Sylvia: It's a great foundation of communication for work in any discipline because it is all about understanding, communicating with and controlling the horse's brain. We use liberty training on all the horses in our shows; whether they do jumping, dressage, trick riding, etc. It gives your horse a very good mind.
Kim: How does liberty work affect the people who try it?
Sylvia: A lot of the clinic participants are women, some with low self-esteem. They learn to control their body and to build and project energy, which sometimes involves building up the kind of energy that lets the horse know you are upset with it. For some participants, the clinics are a transformative experience.

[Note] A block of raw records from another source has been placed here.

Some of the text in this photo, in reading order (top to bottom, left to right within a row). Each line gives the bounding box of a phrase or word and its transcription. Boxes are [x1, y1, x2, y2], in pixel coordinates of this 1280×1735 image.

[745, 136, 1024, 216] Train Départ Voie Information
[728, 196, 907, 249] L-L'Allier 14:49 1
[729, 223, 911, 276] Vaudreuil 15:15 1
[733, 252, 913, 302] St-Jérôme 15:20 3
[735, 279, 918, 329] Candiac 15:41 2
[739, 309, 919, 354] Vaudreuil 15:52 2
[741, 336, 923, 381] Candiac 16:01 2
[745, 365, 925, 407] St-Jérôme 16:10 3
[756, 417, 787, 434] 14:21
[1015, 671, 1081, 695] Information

Kim: How do you let a horse know you're not happy with something they are doing?
Sylvia: I use a set of three warnings, as a horse does. The first is a verbal cue, patterned on a horse's squeal and in a tone they know means "pay attention." The second is another verbal cue, at a different pitch that conveys more intensity. The third warning is that I walk in the opposite direction from where the horse is going, then I cross back and invade the zone I talked about. I release those cues by freezing immediately once the horse is paying attention.
Kim: How do you control 12 horses at the same time, as you do in your performances?
Sylvia: My energy is nice and strong and they can sense it. It's like electricity. My body position—whether I'm pointing my belly at their barrel, for example—is a cue. I maintain visual connection with them. Not all at the same time, but they've been trained to give me their attention when I ask for it. Some people say maintaining visual connection is too much pressure, but I think that couldn't be further from the truth. If you watch wild horses grazing, they are constantly keeping an eye on each other.
The horses are constantly giving me their attention because they know I'm going to release it right away.
Kim: So it goes back to speaking their language?
Sylvia: Yes. They give their attention freely. And this is in a 200' by 300' arena: they know they can go. It's because we're making sense, and not overloading their brain. I am often telling people to do less: the work is really very simple. When people see that, it's very powerful and it can become very emotional.